Ignorance is the death knell of progress,
Makes the rape of justice possible 
And the reign of mediocrity supreme.
Knowledge is the cradle of civilisation
Gives reverence to justice 
Makes the rule of law sovereign.
Thirst for knowledge signals freedom.

Acquiring true knowledge bestows power,
Shines light into crooked heart,
Puts right the wrongs of injustice, 
Stands tall as an equal of any noble,
Strengthens moral principle,
Drives out every fear,
And sets the soul free forever.

(Sam Abbd Israel)

The issue that should concern every Nigerian who has seen the light of freedom is how do you bring these glad tidings to other fellow Nigerians? How do you convey the ideas of liberty, equality and justice to every living Nigerian as the inalienable rights of man? How do you make Nigerians to act on this knowledge in a way that will put into oblivion forever the rape of their persons and their nations by the military and its political collaborators who masqueraded as leaders this past 38 years? The apathy of Nigerians to the effort of genuine democrats and human rights activists is evidence that there is a deep but bridgeable conceptual gulf between the crusaders and fellow Nigerians.

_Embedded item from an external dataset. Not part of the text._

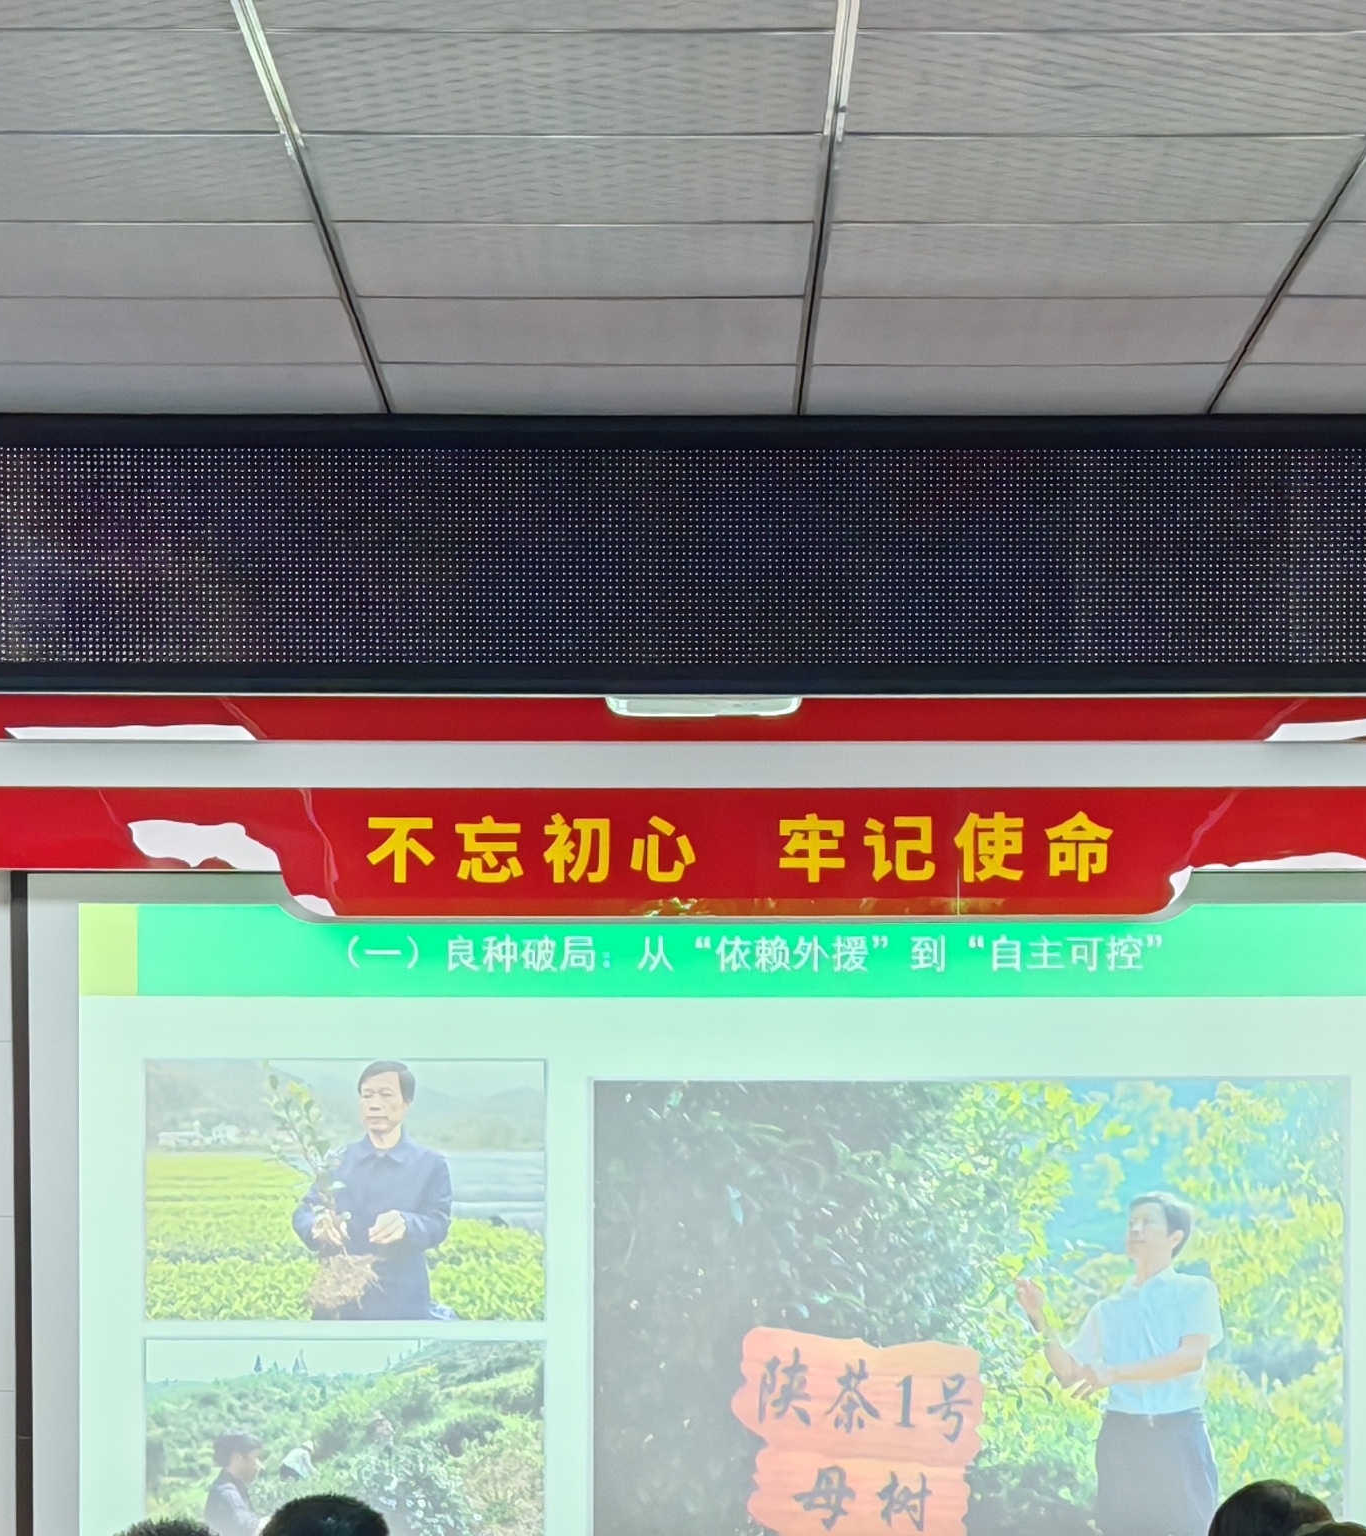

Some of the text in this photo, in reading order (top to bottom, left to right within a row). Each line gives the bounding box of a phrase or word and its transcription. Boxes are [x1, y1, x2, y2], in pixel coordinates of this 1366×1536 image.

On reflection, it is clear that this gulf has a lot to do with the prevailing religion of ‘Babangidaism’. This religion has single-handedly rewritten the core social values of the Nigerian society. A suffocating cash nexus relationship that grew out of this satanic faith has paralysed all legitimate institutions of intervention and social controls for the protection of those excluded or technically prevented from the altar of Babangida’s offerings. The value premise on which the Nigeria state operates now is not one that can sustain any society no matter how primitive the society is. The way things are at this point in time in Nigeria will find most Nigerians wanting if call upon to make a choice between liberty and Mammon or more specifically between freedom without money and slavery with money. There is no doubt in the mind of anybody familiar with Nigeria what the first choice will be.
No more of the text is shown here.